Treue Leser - aber weniger Werbeeinnahmen

Die Schweizerinnen und Schweizer haben im letzten Jahr insgesamt 1,8 Milliarden Franken für Zeitungen und Zeitschriften ausgegeben, gleich viel wie im Vorjahr. Der Werbemarkt hingegen war mit einem Rückgang von 3,3% weniger beständig.

Dieser Inhalt wurde am 01. Juli 2009 - 13:00 publiziert

Besonders gelitten hat die Tagespresse, während die Sonntagspresse um 10,3% zulegen konnte.
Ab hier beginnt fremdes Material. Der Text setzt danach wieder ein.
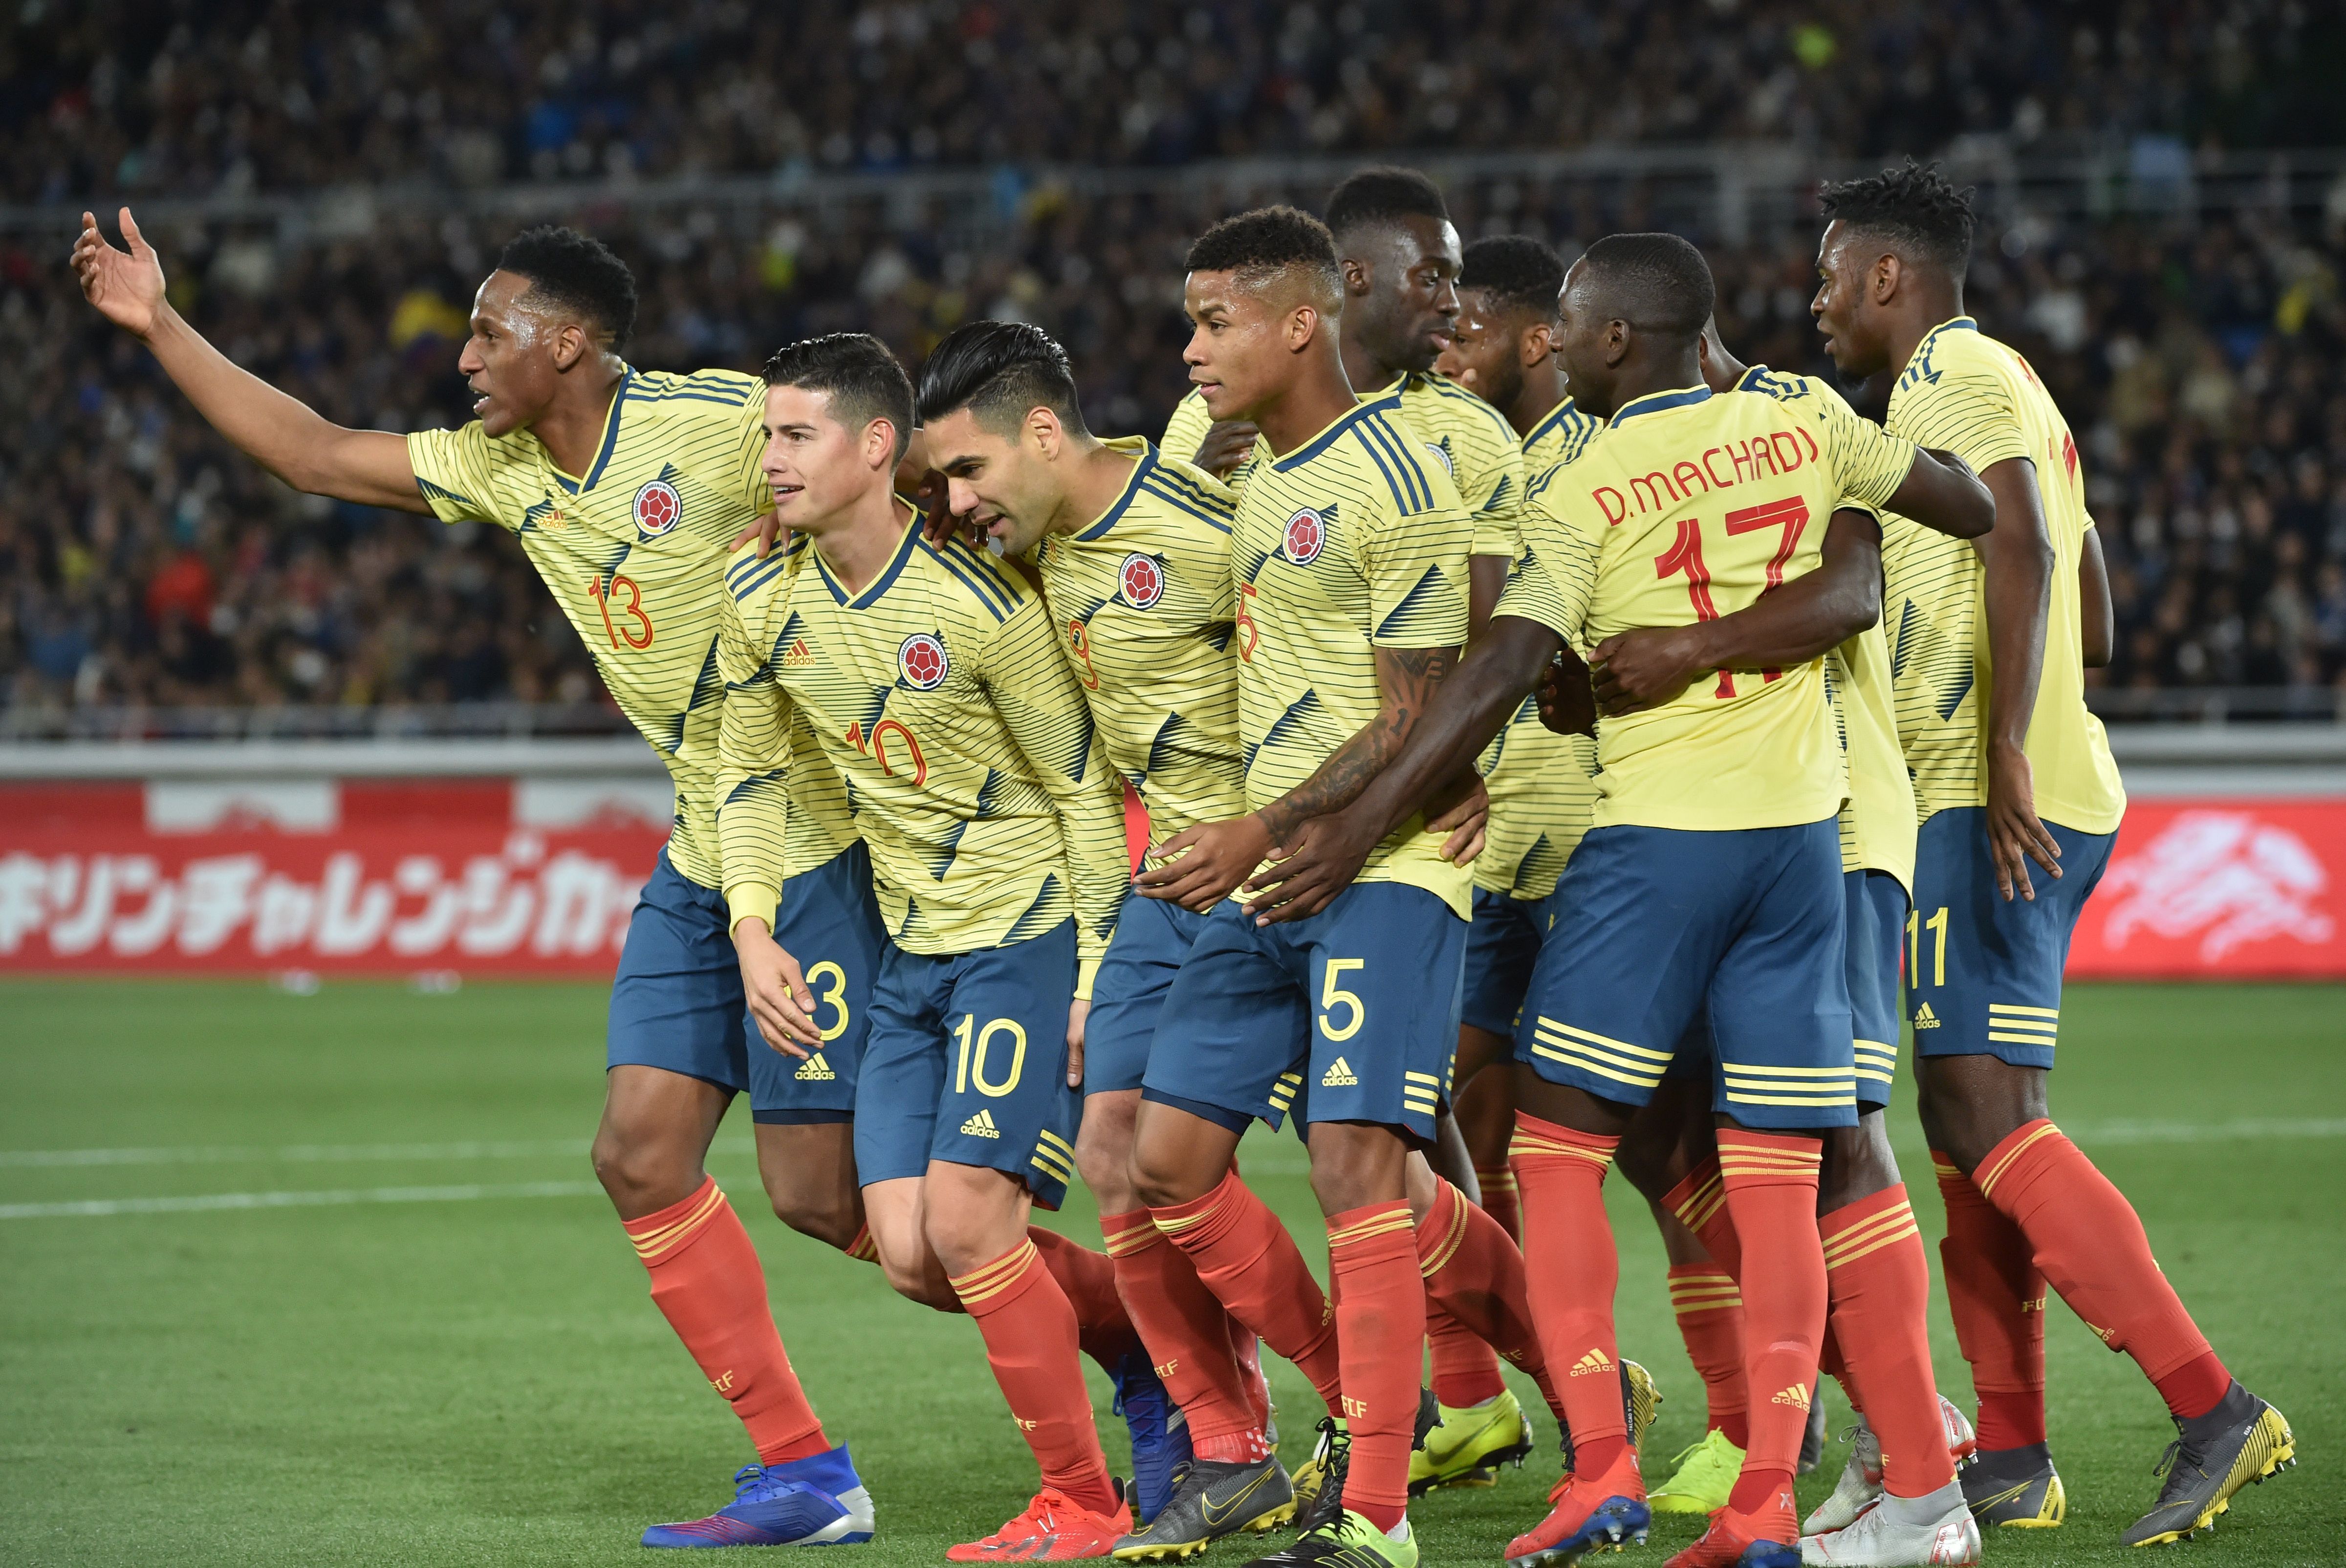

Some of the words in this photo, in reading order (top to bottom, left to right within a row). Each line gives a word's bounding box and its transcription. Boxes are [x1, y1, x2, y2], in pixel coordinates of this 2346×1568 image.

Dies geht aus der aktuellen Studie des Verbands Schweizer Presse hervor, die am Mittwoch in Zürich veröffentlicht wurde.

Die Schweizer Printtitel nahmen im letzten Jahr 4,2 Milliarden Franken ein. Grund für die stabilen Einnahmen aus den Zeitungsverkäufen sind neue Publikationen und die Erhöhung der Verkaufspreise.

Erstmals befragte der Verband seine Mitglieder zudem zu ihrer Einschätzung der aktuellen Entwicklung. Die Umfrage bei 137 Führungskräften zeigt deutlich, dass die Verlags- und Medienmanager zwar bereit sind, den Wandel konstruktiv anzugehen. Die Wirtschaftskrise verschärft jedoch den Druck, was Kosten und Innovationen angeht.

Mit 96% sind fast alle Befragten der Meinung, dass Kooperationen zwischen Medienunternehmen weiter zunehmen werden. Fast ebenso viele (94%) sind überzeugt, dass multimedialen Angeboten die Zukunft gehört.

22% der Befragten gehen so weit, dass sie für die Printtitel keine Zukunft mehr sehen. Sie glauben, dass gedruckte Medien bis spätestens 2025 aussterben werden.